Including the Kamloops site, where ground-penetrating radar was used to detect the graves, reputed unmarked grave sites at 34 residential schools and potential burial locales have been identified since May 2021. Nevertheless, not a single body associated with any residential school has been recovered, let alone forensically examined. Although five of the six pre-Kamloops searches found human remains, none represented missing Indian Residential School (IRS) students or other missing persons.
The Roman Catholic school, which was demolished in 1974, is said to be the last whereabouts of 89 “missing” children representing at least four different aboriginal groups who attended the school between 1880 and 1953.
This destructive act is particularly troubling because the Catholic Diocese of St. Paul sold the building to All Nations Church, a non-denominational organization based in Fort McMurray, in December 2020, and because Fort Chipewyan has not had a local priest for decades.
It bears questioning why some bands that so far haven’t come across any “unmarked graves” are searching for them, when no children are being searched for by any of their relatives. How can children be missing when nobody knows their names or is looking for them?
Also, why was “an archaeological team from the University of Alberta … hired to search the former school grounds for potential unmarked graves,” as the Edmonton Journal reported in an article about the Holy Angels school, when there is no evidence to suggest that students were secretly buried?
According to the NCTR, “Following the direction provided by Survivors [i.e., any indigenous person who attended an IRS] during the community engagements held in 2018 and at the National Gathering of Elders, only the names and dates of death will be public.”

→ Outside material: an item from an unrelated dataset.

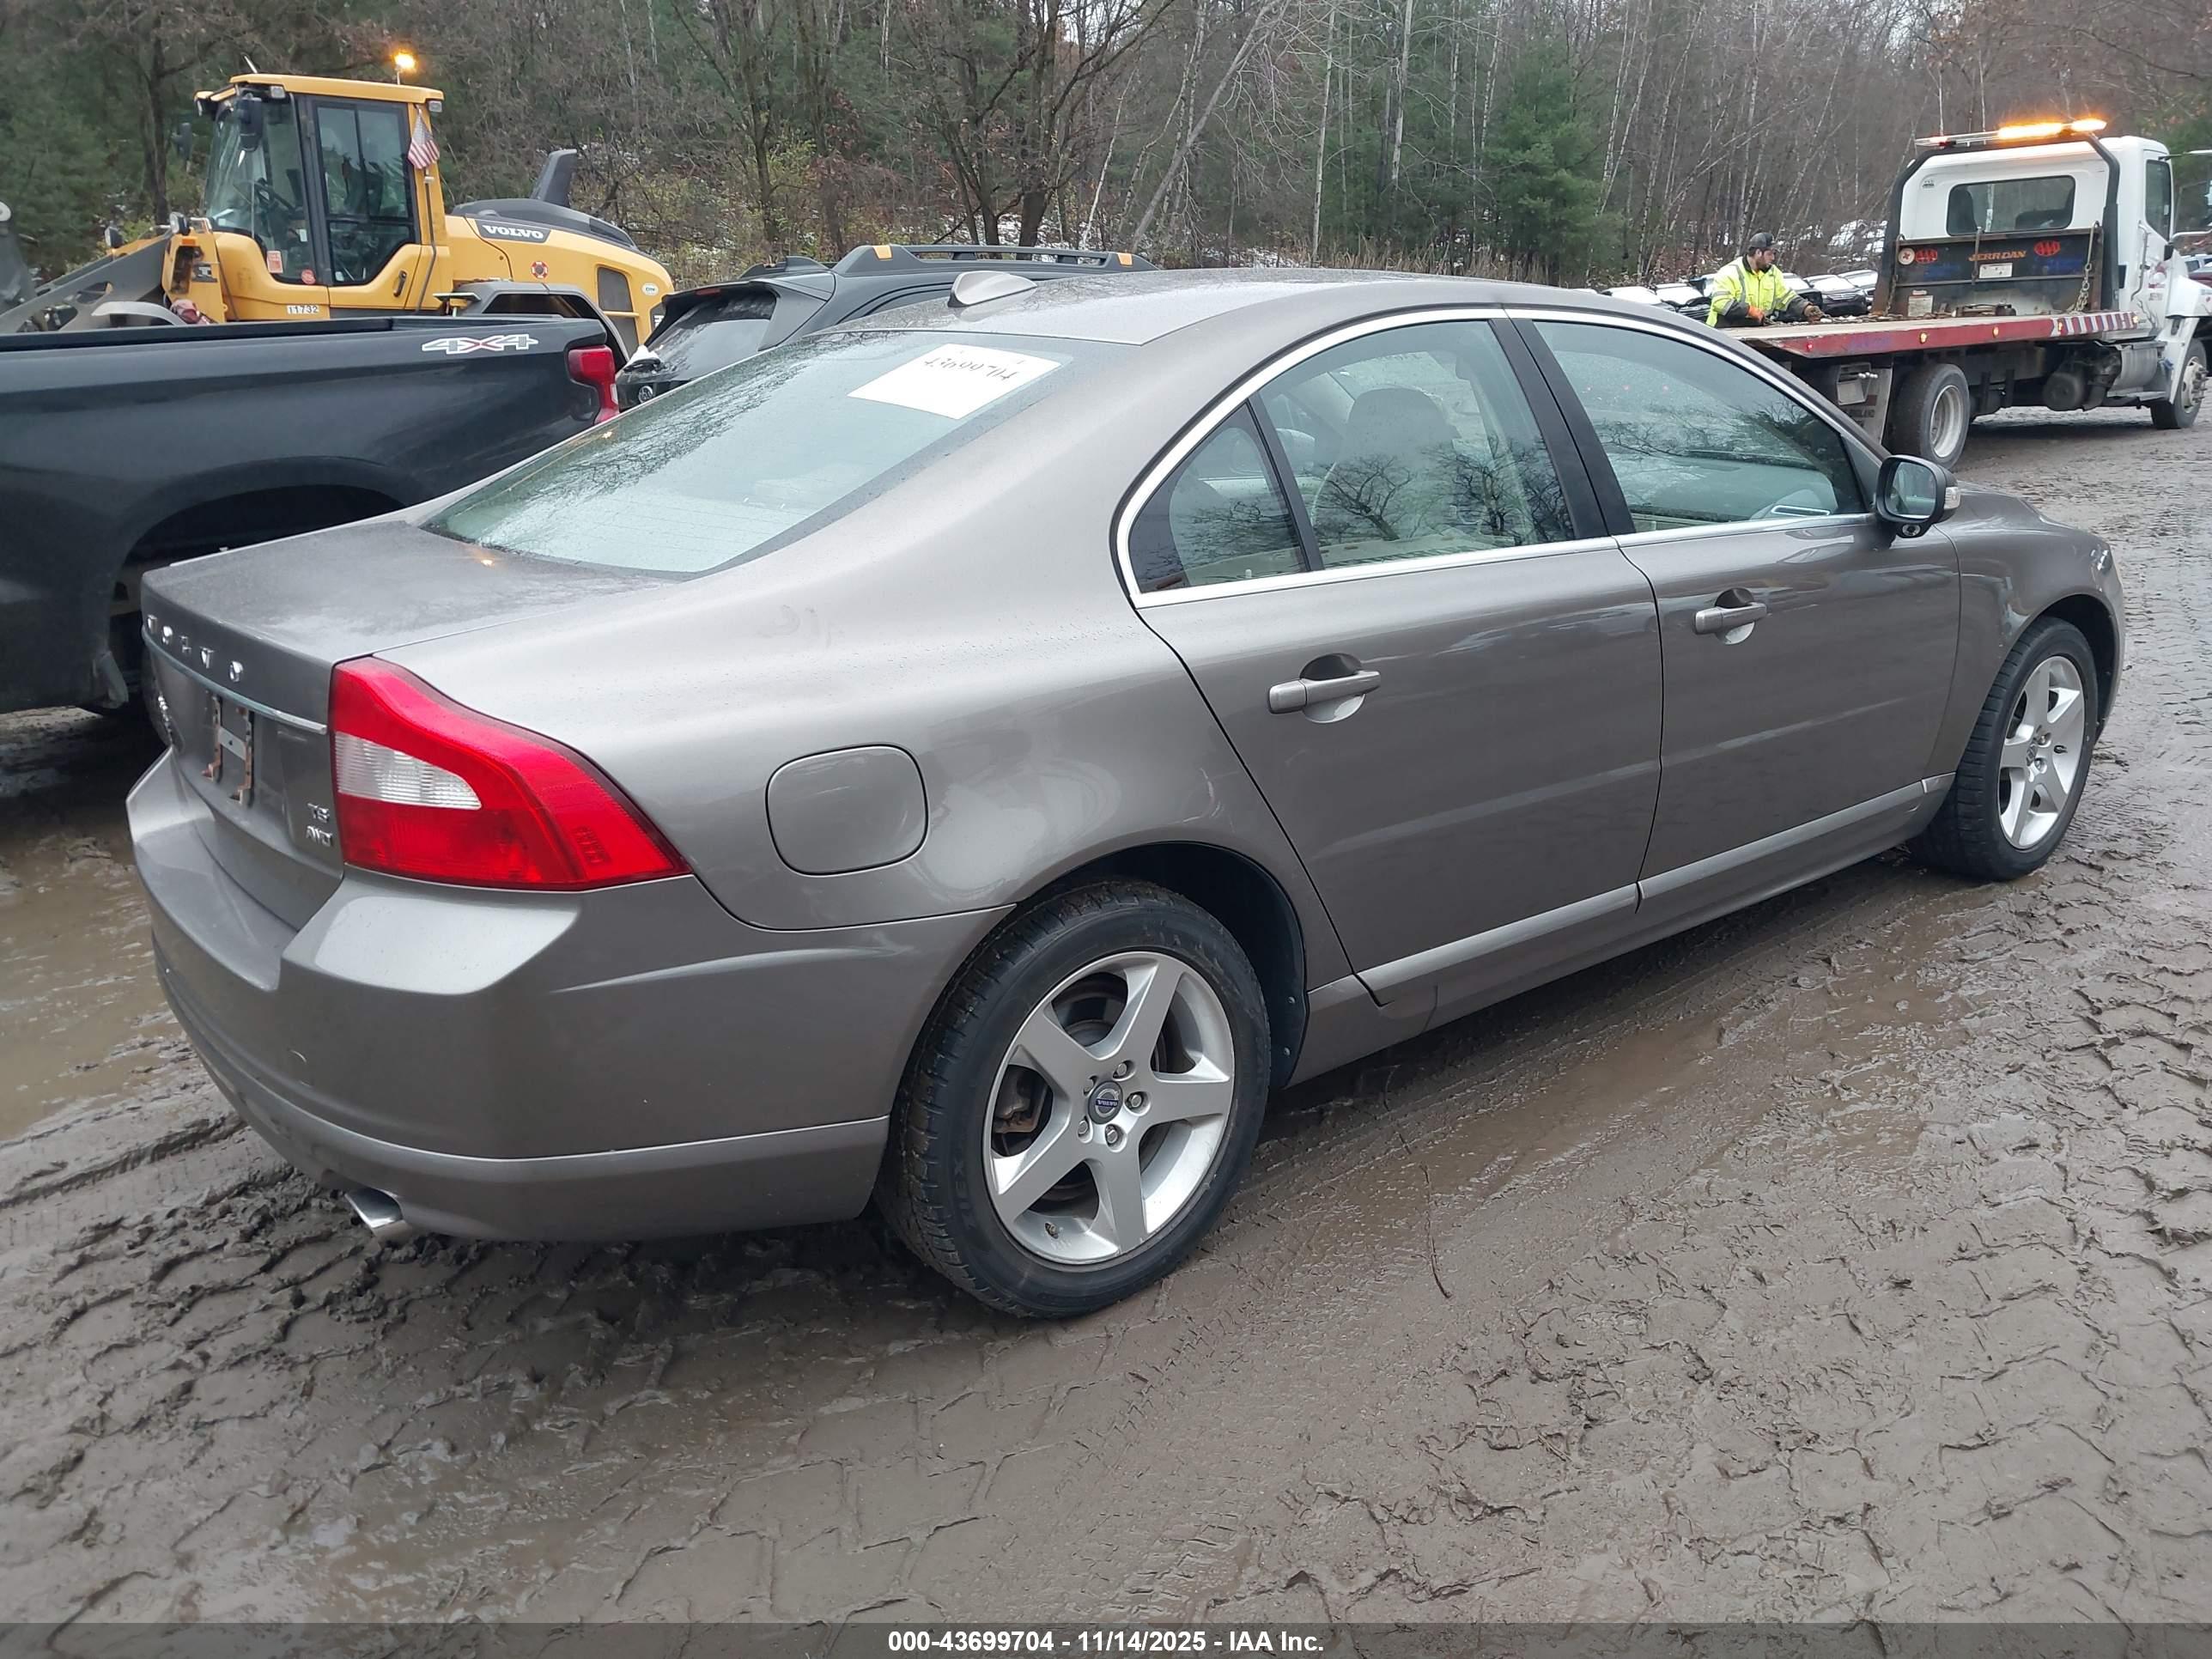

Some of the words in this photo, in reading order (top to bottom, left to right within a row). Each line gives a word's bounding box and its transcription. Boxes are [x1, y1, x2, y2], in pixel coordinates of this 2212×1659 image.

But this directive should not have prevented the NCTR from publishing a summary of the cause of death and place of burial for each individual school—something it did for the schools as a whole. Refusing to publish the school-level findings may have helped precipitate the trauma and rage felt by indigenous people across the land, resulting in church burnings like the Fort Chipewyan one.
To this day, it remains unclear how hard the NCTR has been looking for the fate of the “missing children” in publicly available archival sources. If it has been working diligently on this issue, no detailed findings have been released to the public or the affected communities since 2015. This would be unconscionable.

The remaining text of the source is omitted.